Selecting an appropriate substitution model and deriving a tree topology for a given sequence set are essential in phylogenetic analysis. However, such time consuming, computationally intensive tasks rely on knowledge of substitution model theories and related expertise to run through all possible combinations of several separate programs. To ensure a thorough and efficient analysis and avert tedious manipulations of various programs, this work presents an intuitive framework, the phylogenetic reconstruction with automatic likelihood model selectors (PALM), with convincing, updated algorithms and a best-fit model selection mechanism for seamless phylogenetic analysis.

Methodology

As an integrated framework of ClustalW, PhyML, MODELTEST, ProtTest, and several in-house programs, PALM evaluates the fitness of 56 substitution models for nucleotide sequences and 112 substitution models for protein sequences with scores in various criteria. The input for PALM can be either sequences in FASTA format or a sequence alignment file in PHYLIP format. To accelerate the computing of maximum likelihood and bootstrapping, this work integrates MPICH2/PhyML, PalmMonitor and Palm job controller across several machines with multiple processors and adopts the task parallelism approach. Moreover, an intuitive and interactive web component, PalmTree, is developed for displaying and operating the output tree with options of tree rooting, branches swapping, viewing the branch length values, and viewing bootstrapping score, as well as removing nodes to restart analysis iteratively.

Significance

The workflow of PALM is straightforward and coherent. Via a succinct, user-friendly interface, researchers unfamiliar with phylogenetic analysis can easily use this server to submit sequences, retrieve the output, and re-submit a job based on a previous result if some sequences are to be deleted or added for phylogenetic reconstruction. PALM results in an inference of phylogenetic relationship not only by vanquishing the computation difficulty of ML methods but also providing statistic methods for model selection and bootstrapping. The proposed approach can reduce calculation time, which is particularly relevant when querying a large data set. PALM can be accessed online at http://palm.iis.sinica.edu.tw.

Introduction

Advances in molecular biology and bioinformatics have enabled researchers to obtain gene sequences by experimental procedures, as well as by sequence searching approaches. The feasibility of utilizing sequence features that can be viewed as evolutionary changes in the sequence occurring in the operating taxonomic units has received considerable interest. A molecular phylogenetic analysis procedure based on sequence features is initiated by gathering a set of sequences derived from a common origin. Corresponding residues among DNA/protein sequences are then defined by multiple sequence alignment (MSA). Next, the relatedness among the input sequences is estimated using the phylogenetic inference method with a suitable substitution model. Finally, the representative tree(s) of the phylogenetic relationship is constructed and may be presented graphically with statistical confidence of the branching topology. Significant advances in theoretical and mathematical implementation of phylogenetic methodology have been made in recent decades. These methodological advances provide an unprecedented and often bewildering set of choices on methodological issues [1]. Researchers unfamiliar with phylogenetic analysis are perplexed by selecting and installing programs, transferring files between programs, setting parameters for the complete process, running iterations with various combinations of methods and parameters [2], as well as recalling all tools and parameter-related choices made during analysis. Although the relationship among an interesting sequence set from an evolutional aspect has received considerable attention, performing adequate phylogenetic analysis with a sound theoretical foundation is quite difficult.

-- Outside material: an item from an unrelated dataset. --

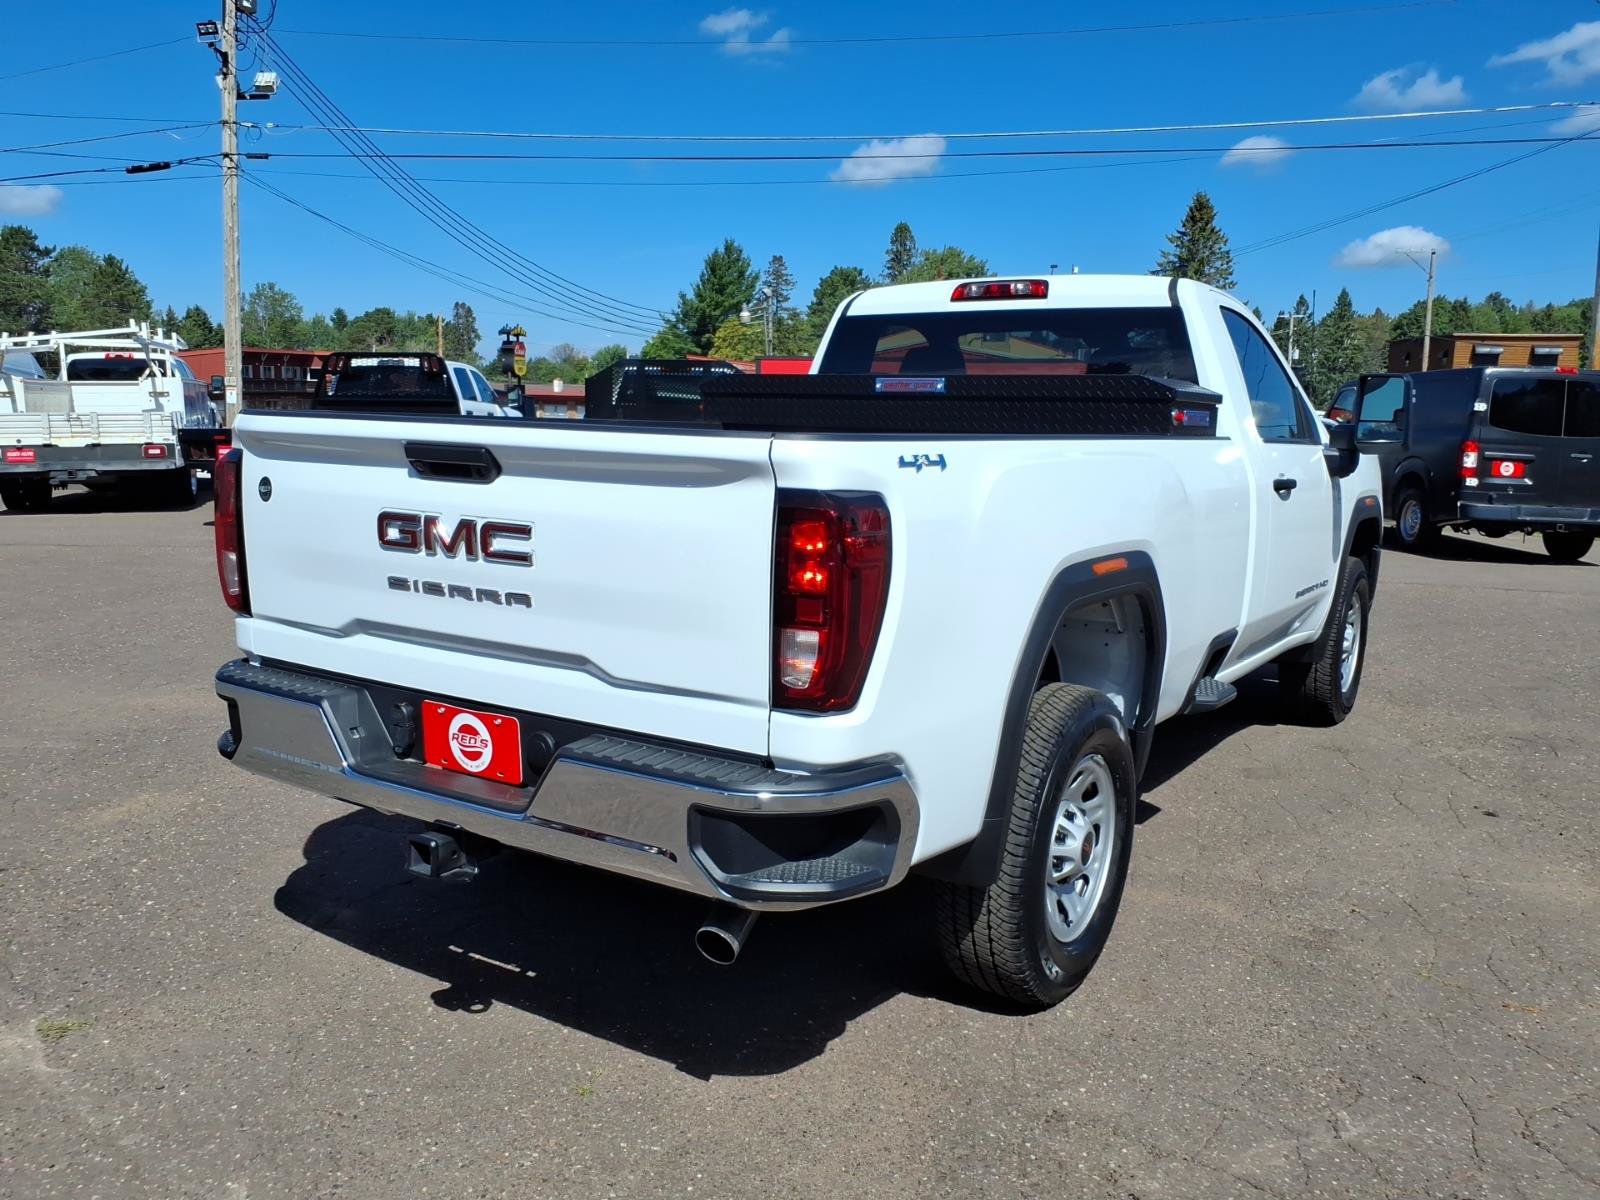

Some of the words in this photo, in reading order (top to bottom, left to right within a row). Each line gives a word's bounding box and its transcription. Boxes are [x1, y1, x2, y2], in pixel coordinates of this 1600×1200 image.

[377, 507, 535, 568] GMC
[387, 575, 532, 608] SIERRA
[451, 732, 489, 749] RED'S

Among the three major categories of phylogenetic inference methods, distance, maximum parsimony (MP), and maximum likelihood (ML), ML methods are especially useful for sequence sets with varying extents of sequence diversity [2], [3]. Based on the theory of ML methods, the likelihood of a series of residue substitution events is estimated and, then, the most probable tree topology from all possible ones that represents the evolutionary history of a given sequence set can be inferred. Various residue substitution models that describe the probability of replacing one residue with another have been derived from either statistical analysis involving conserved sequence blocks or molecular evolution theories [4], [5], and can be further refined for parameters involving sites under the selection force or for varying substitution rates among relevant sites. Likelihood-based approaches are robust for phylogenetic inference. Although obtaining a best-fit ML tree with an increasing number of sequences and sequence length is computationally intractable (NP-hard), a ML-based method can provide statistical comparability of the fitness of substitution models [6], [7].

There are several ML-based phylogenetic inference programs available, including PhyML [8], [9], PAML [10], [11], Multiphyl [12], Phylip package [13] and IQPNNI [14]. Owing to a heavy computational load, several attempts have been made to accelerate the estimation of ML by refining algorithms and applying parallel computing, e.g., PAML [10], [11], RAxML [15], GARLI [16], mpi-CH2/PhyML [9] and pIQPNNI [17]. These programs are performed in command-line mode or in a graphical-user interface. Some of the phylogenetic servers, such as PhyML web server [9], Multiphyl web server [12], phylogeny.fr [18] and Phylemon [19], are available, providing computational power and a user-friendly interface. Users should normally be aware of phylogenetic analysis, and then achieve a reasonable outcome from these web applications.

How to select an optimal substitution model for ML estimation is addressed in [20]. The implementations of best model selection procedures were proposed for both protein sequences [21] and nucleotide sequences [22]. ProtTest [21] is a model selection scheme for protein sequences based on score files generated by PhyML. The fitness of amino acid substitution models is estimated using three scores, i.e. Akaike information criterion (AIC), corrected AIC (AICc) and Bayesian Information Criterion (BIC), as well as the maximum likelihood of each model. Modeltest [22] applies AIC, AICc, BIC, and hierarchical likelihood ratio tests (hLRTs), to estimate the model fitness from the score file of DNA substitution models generated by PAUP [23]. Currently, MODELTEST has been superseded by jModeltest [24], an integrated framework using PhyML [8] computational procedures to provide the nucleotide substitution model selection. jModeltest provides two additional evaluation criteria, i.e. dynamical likelihood ratio tests (dLRT) and a decision theory method (DT), as estimates of model selection uncertainty, parameter importance and model-averaged parameter estimates, including model-averaged phylogenies. FINDMODEL [25] implemented the idea of MODELTEST for testing the best fit model for the input alignment of nucleotide sequences. FINDMODEL provides options of selecting the model set and tree methods for constructing the initial tree. The best substitution model from 28 models is determined by the lowest AIC of the optimized ML tree topology, as estimated by baseml (PAML) and MODELTEST. The model estimators described above take aligned sequences as input and select the most appropriate model based on the probability (the likelihood) of the ML tree. Once the model has been set, a ML-based phylogenetic inference program can be applied for bootstrapping and the possible phylogenetic relationship presented in a tree topology obtained as well. The entire process, from the model selection to bootstrapping, is time consuming and computationally intractable, especially when handling large data sets.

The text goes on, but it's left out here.